* Assigned task *
All of the data is to be set down again without alteration.

* Records to process *
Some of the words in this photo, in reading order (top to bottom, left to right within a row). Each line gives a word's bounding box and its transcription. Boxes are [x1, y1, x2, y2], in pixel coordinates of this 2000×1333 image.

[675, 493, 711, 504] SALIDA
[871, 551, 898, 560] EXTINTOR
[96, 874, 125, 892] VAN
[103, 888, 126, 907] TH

* Task answer *
Some of the words in this photo, in reading order (top to bottom, left to right within a row). Each line gives a word's bounding box and its transcription. Boxes are [x1, y1, x2, y2], in pixel coordinates of this 2000×1333 image.

[675, 493, 711, 504] SALIDA
[871, 551, 898, 560] EXTINTOR
[96, 874, 125, 892] VAN
[103, 888, 126, 907] TH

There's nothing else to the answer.